▶ **Your goal**: Repeat each record exactly. Any picture gets left out.
___
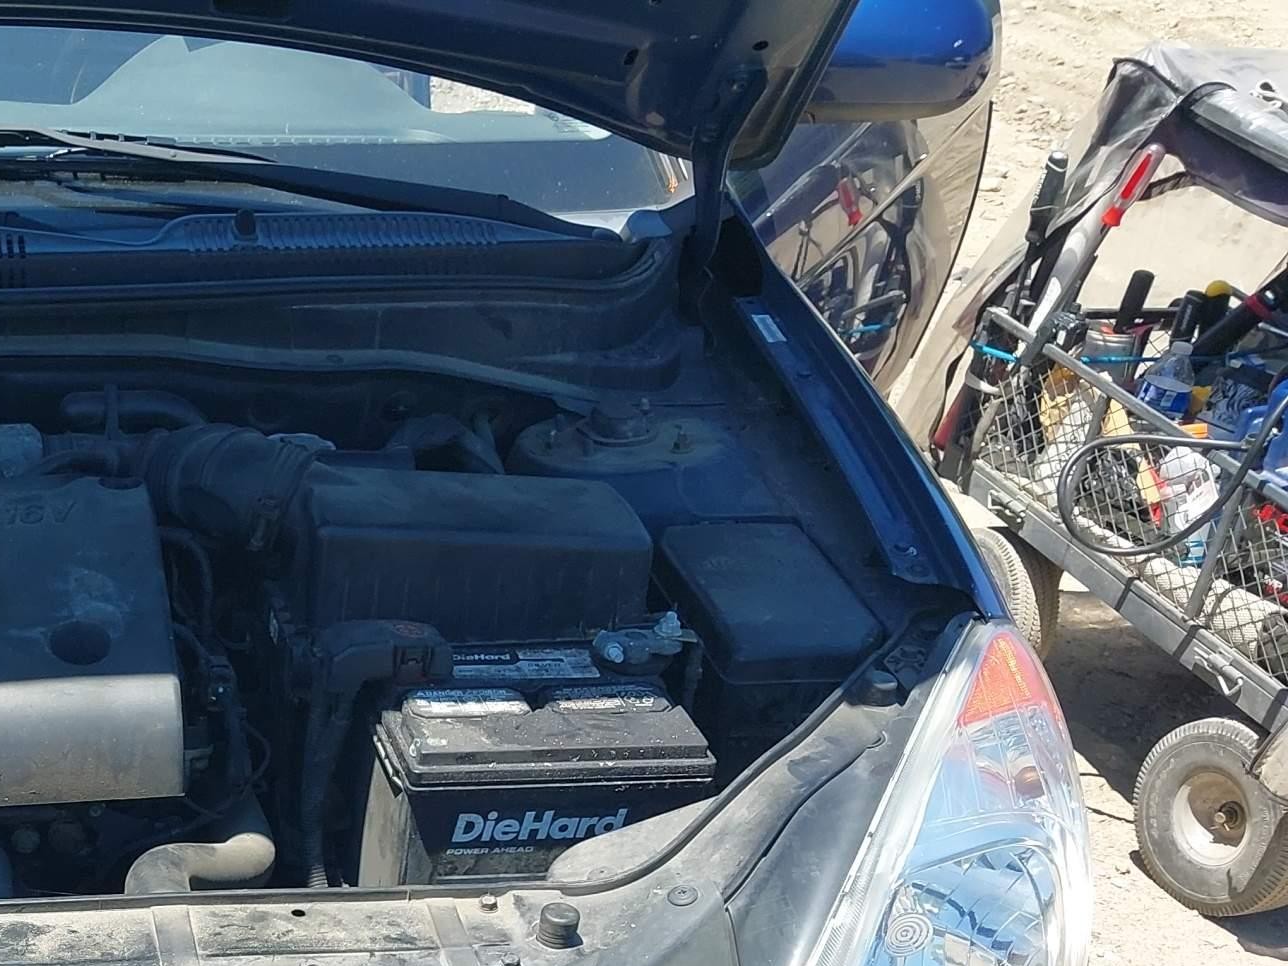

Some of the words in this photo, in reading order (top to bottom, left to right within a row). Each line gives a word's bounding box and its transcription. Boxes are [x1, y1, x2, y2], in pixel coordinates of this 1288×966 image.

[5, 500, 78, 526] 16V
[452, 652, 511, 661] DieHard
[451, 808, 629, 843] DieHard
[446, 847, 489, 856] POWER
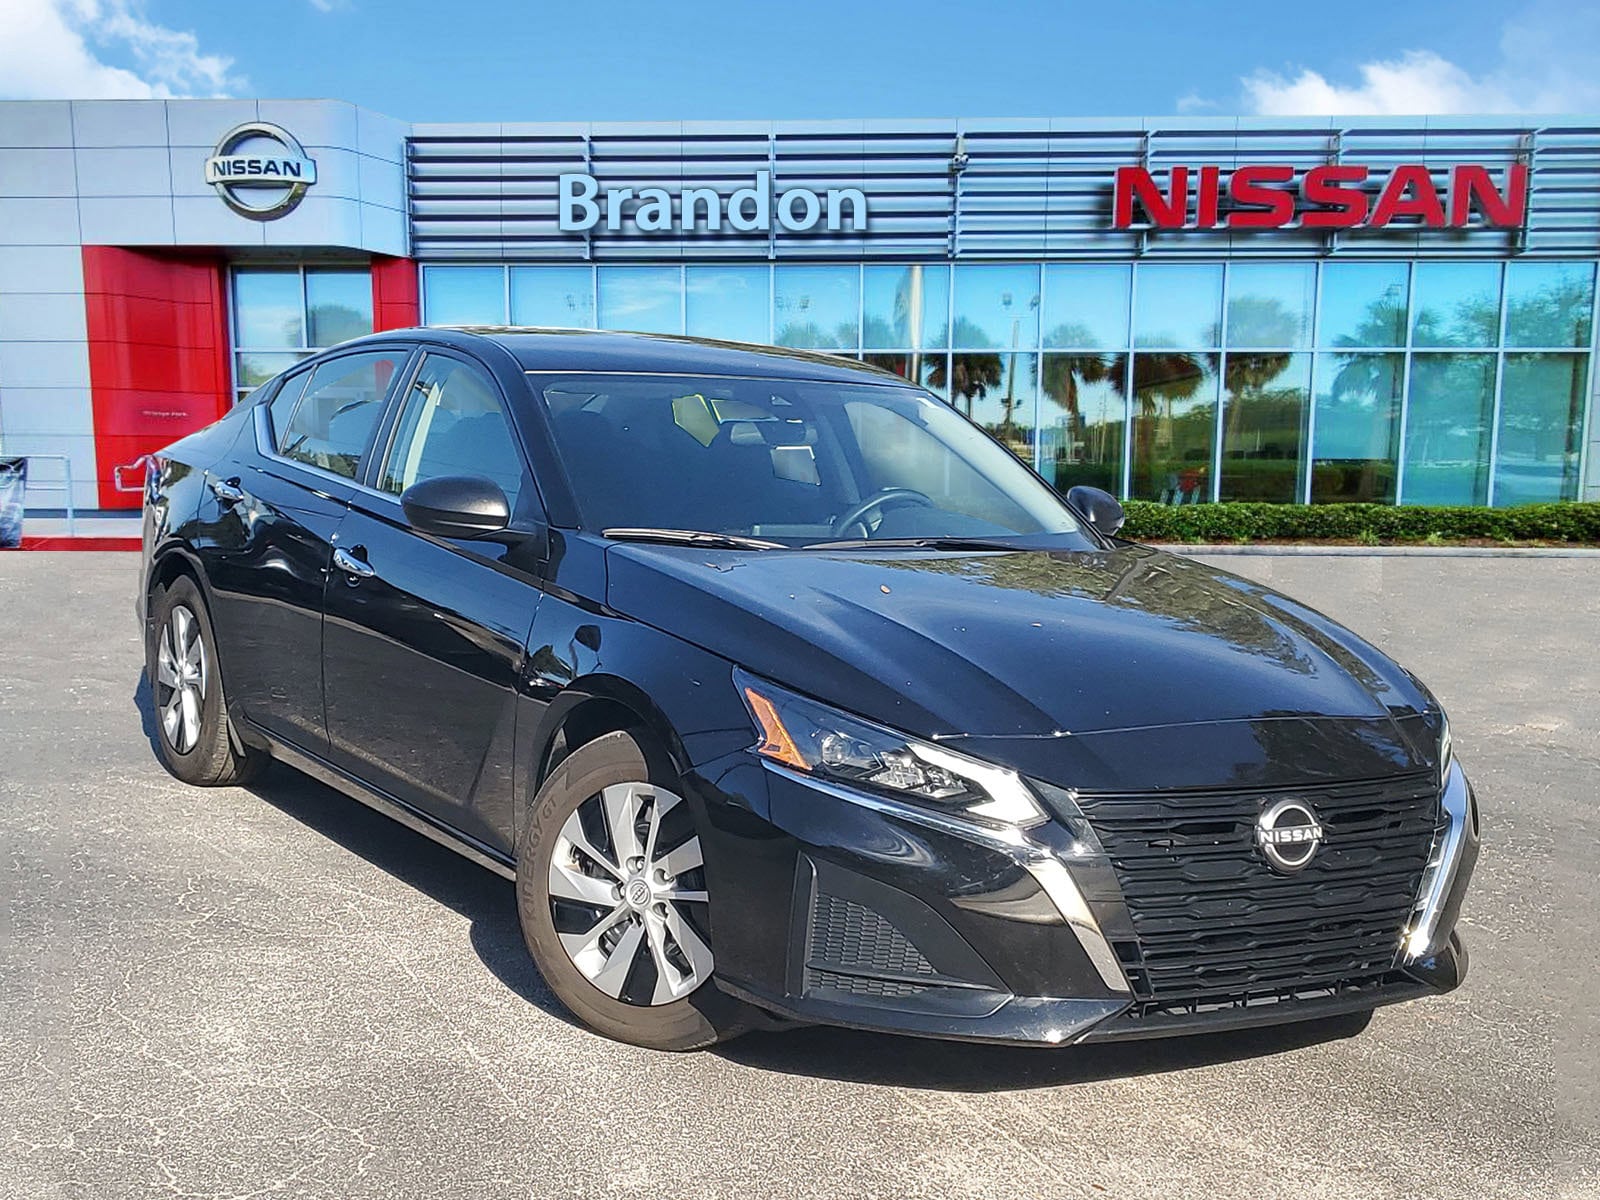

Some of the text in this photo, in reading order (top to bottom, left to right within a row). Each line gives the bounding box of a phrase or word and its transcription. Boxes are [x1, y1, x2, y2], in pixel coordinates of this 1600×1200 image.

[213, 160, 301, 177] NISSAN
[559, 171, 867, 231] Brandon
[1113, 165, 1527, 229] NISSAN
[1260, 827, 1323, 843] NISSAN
___
▶ **Task solution**:
Some of the words in this photo, in reading order (top to bottom, left to right within a row). Each line gives a word's bounding box and its transcription. Boxes are [x1, y1, x2, y2], in pixel coordinates of this 1288×966 image.

[5, 500, 78, 526] 16V
[452, 652, 511, 661] DieHard
[451, 808, 629, 843] DieHard
[446, 847, 489, 856] POWER

Some of the text in this photo, in reading order (top to bottom, left to right within a row). Each line gives the bounding box of a phrase or word and its transcription. Boxes are [x1, y1, x2, y2], in pixel coordinates of this 1600×1200 image.

[213, 160, 301, 177] NISSAN
[559, 171, 867, 231] Brandon
[1113, 165, 1527, 229] NISSAN
[1260, 827, 1323, 843] NISSAN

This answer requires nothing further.